■ **HOW TO COMPLETE THIS TASK**
Once the records have been read, set every one down as it stands.

■ **LISTED RECORDS**
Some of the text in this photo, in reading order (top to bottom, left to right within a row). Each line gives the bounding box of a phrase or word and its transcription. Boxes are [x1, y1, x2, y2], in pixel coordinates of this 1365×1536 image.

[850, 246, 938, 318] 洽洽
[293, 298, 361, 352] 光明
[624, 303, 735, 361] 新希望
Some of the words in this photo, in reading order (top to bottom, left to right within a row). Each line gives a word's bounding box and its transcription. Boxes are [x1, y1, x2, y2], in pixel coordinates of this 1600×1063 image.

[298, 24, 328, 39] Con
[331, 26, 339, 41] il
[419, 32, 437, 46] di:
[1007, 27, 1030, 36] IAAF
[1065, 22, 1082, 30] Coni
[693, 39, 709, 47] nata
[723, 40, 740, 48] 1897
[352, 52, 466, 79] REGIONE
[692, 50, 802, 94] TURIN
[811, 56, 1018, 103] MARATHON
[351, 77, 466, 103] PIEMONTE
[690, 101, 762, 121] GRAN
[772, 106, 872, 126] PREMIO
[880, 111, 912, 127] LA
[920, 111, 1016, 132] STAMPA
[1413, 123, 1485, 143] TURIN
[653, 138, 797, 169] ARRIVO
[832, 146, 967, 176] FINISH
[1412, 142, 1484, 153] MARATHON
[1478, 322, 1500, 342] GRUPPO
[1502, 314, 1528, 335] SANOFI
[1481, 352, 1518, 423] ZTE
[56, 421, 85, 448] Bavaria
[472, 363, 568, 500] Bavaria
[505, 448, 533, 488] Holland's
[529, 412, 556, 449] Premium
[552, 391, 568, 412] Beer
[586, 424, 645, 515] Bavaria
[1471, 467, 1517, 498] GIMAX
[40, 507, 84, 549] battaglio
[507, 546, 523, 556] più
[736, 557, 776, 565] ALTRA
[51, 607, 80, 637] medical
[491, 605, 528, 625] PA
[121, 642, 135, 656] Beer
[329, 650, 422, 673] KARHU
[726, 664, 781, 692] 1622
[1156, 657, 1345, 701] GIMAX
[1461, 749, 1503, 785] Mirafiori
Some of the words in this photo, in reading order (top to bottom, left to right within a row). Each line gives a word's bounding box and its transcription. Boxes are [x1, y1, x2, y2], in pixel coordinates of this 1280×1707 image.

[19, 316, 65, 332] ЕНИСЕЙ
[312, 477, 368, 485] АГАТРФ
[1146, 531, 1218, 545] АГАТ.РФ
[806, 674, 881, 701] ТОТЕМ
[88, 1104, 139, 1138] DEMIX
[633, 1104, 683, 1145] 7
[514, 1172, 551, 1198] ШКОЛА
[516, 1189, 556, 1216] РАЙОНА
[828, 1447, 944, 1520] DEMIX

■ **OUTPUT FOR THIS TASK**
Some of the text in this photo, in reading order (top to bottom, left to right within a row). Each line gives the bounding box of a phrase or word and its transcription. Boxes are [x1, y1, x2, y2], in pixel coordinates of this 1365×1536 image.

[850, 246, 938, 318] 洽洽
[293, 298, 361, 352] 光明
[624, 303, 735, 361] 新希望
Some of the words in this photo, in reading order (top to bottom, left to right within a row). Each line gives a word's bounding box and its transcription. Boxes are [x1, y1, x2, y2], in pixel coordinates of this 1600×1063 image.

[298, 24, 328, 39] Con
[331, 26, 339, 41] il
[419, 32, 437, 46] di:
[1007, 27, 1030, 36] IAAF
[1065, 22, 1082, 30] Coni
[693, 39, 709, 47] nata
[723, 40, 740, 48] 1897
[352, 52, 466, 79] REGIONE
[692, 50, 802, 94] TURIN
[811, 56, 1018, 103] MARATHON
[351, 77, 466, 103] PIEMONTE
[690, 101, 762, 121] GRAN
[772, 106, 872, 126] PREMIO
[880, 111, 912, 127] LA
[920, 111, 1016, 132] STAMPA
[1413, 123, 1485, 143] TURIN
[653, 138, 797, 169] ARRIVO
[832, 146, 967, 176] FINISH
[1412, 142, 1484, 153] MARATHON
[1478, 322, 1500, 342] GRUPPO
[1502, 314, 1528, 335] SANOFI
[1481, 352, 1518, 423] ZTE
[56, 421, 85, 448] Bavaria
[472, 363, 568, 500] Bavaria
[505, 448, 533, 488] Holland's
[529, 412, 556, 449] Premium
[552, 391, 568, 412] Beer
[586, 424, 645, 515] Bavaria
[1471, 467, 1517, 498] GIMAX
[40, 507, 84, 549] battaglio
[507, 546, 523, 556] più
[736, 557, 776, 565] ALTRA
[51, 607, 80, 637] medical
[491, 605, 528, 625] PA
[121, 642, 135, 656] Beer
[329, 650, 422, 673] KARHU
[726, 664, 781, 692] 1622
[1156, 657, 1345, 701] GIMAX
[1461, 749, 1503, 785] Mirafiori
Some of the words in this photo, in reading order (top to bottom, left to right within a row). Each line gives a word's bounding box and its transcription. Boxes are [x1, y1, x2, y2], in pixel coordinates of this 1280×1707 image.

[19, 316, 65, 332] ЕНИСЕЙ
[312, 477, 368, 485] АГАТРФ
[1146, 531, 1218, 545] АГАТ.РФ
[806, 674, 881, 701] ТОТЕМ
[88, 1104, 139, 1138] DEMIX
[633, 1104, 683, 1145] 7
[514, 1172, 551, 1198] ШКОЛА
[516, 1189, 556, 1216] РАЙОНА
[828, 1447, 944, 1520] DEMIX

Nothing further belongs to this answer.